(Supplied material)

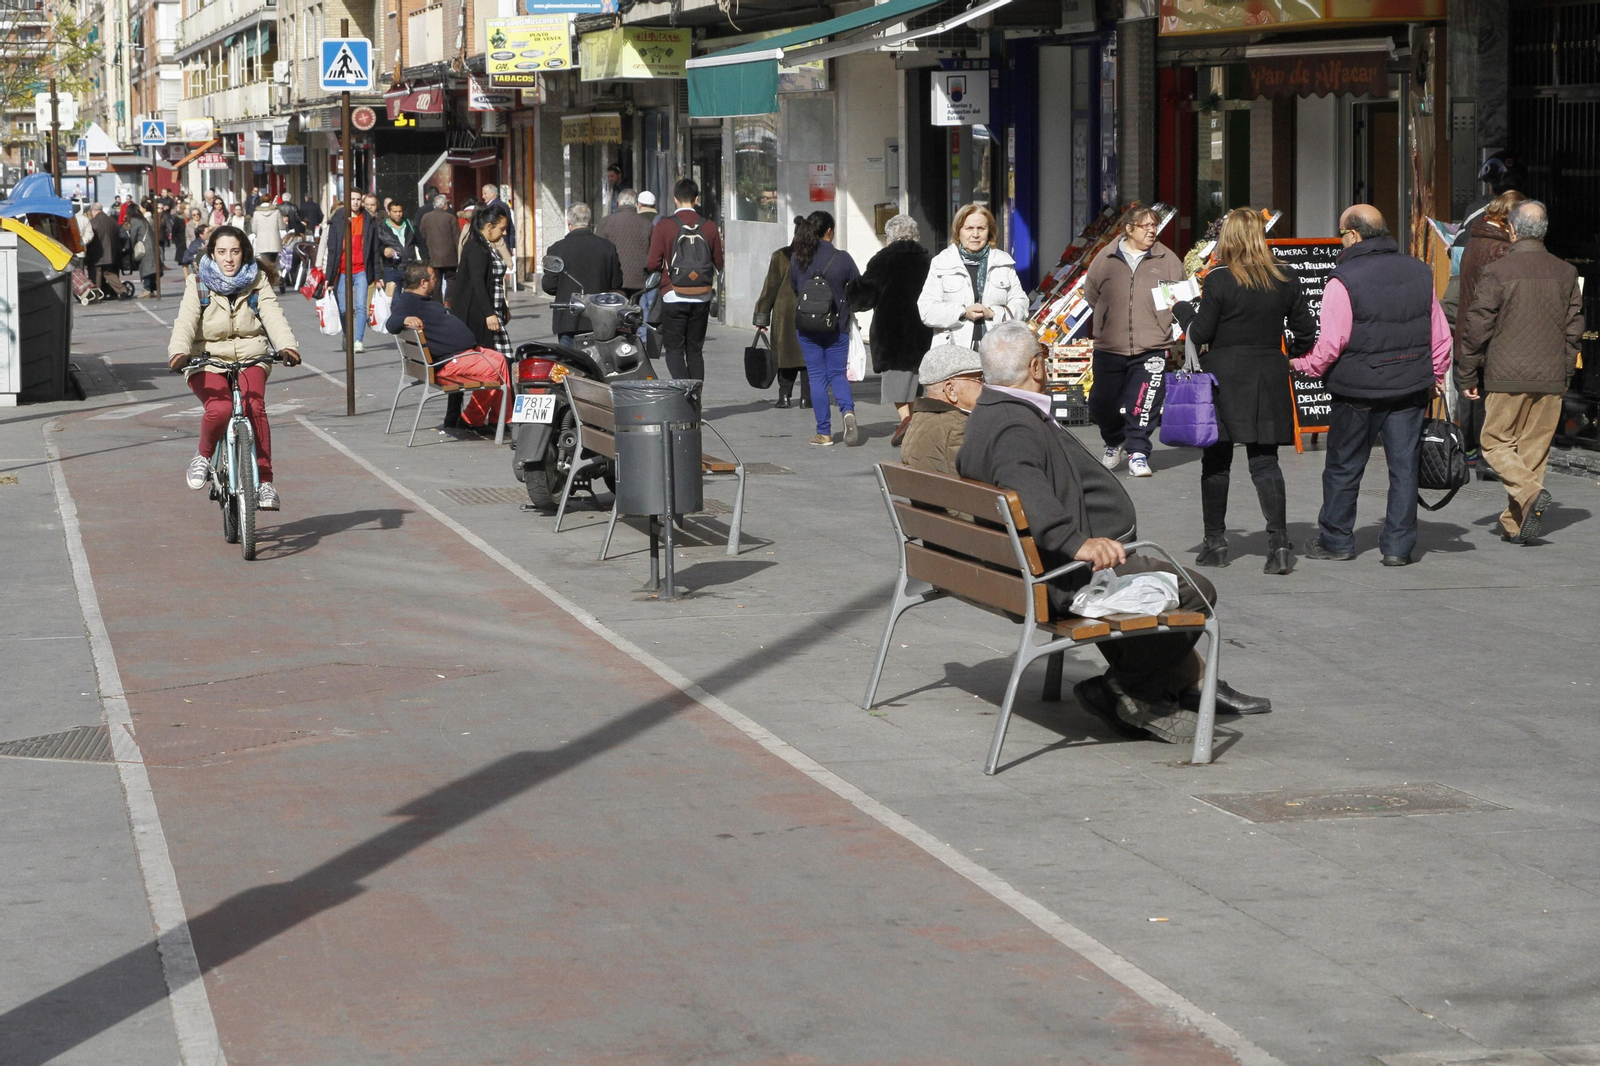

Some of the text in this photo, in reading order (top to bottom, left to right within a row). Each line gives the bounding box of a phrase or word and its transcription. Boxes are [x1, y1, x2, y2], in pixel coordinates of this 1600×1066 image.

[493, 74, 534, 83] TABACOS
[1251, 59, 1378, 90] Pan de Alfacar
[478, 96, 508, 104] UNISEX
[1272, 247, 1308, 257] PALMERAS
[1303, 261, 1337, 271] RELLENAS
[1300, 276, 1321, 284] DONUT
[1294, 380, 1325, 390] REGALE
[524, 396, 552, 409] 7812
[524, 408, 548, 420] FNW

(End Supplied material)

Work instruction: This exercise calls for the complete listing, returned exactly and without images.

Solved problem:
Some of the text in this photo, in reading order (top to bottom, left to right within a row). Each line gives the bounding box of a phrase or word and its transcription. Boxes are [x1, y1, x2, y2], in pixel coordinates of this 1600×1066 image.

[493, 74, 534, 83] TABACOS
[1251, 59, 1378, 90] Pan de Alfacar
[478, 96, 508, 104] UNISEX
[1272, 247, 1308, 257] PALMERAS
[1303, 261, 1337, 271] RELLENAS
[1300, 276, 1321, 284] DONUT
[1294, 380, 1325, 390] REGALE
[524, 396, 552, 409] 7812
[524, 408, 548, 420] FNW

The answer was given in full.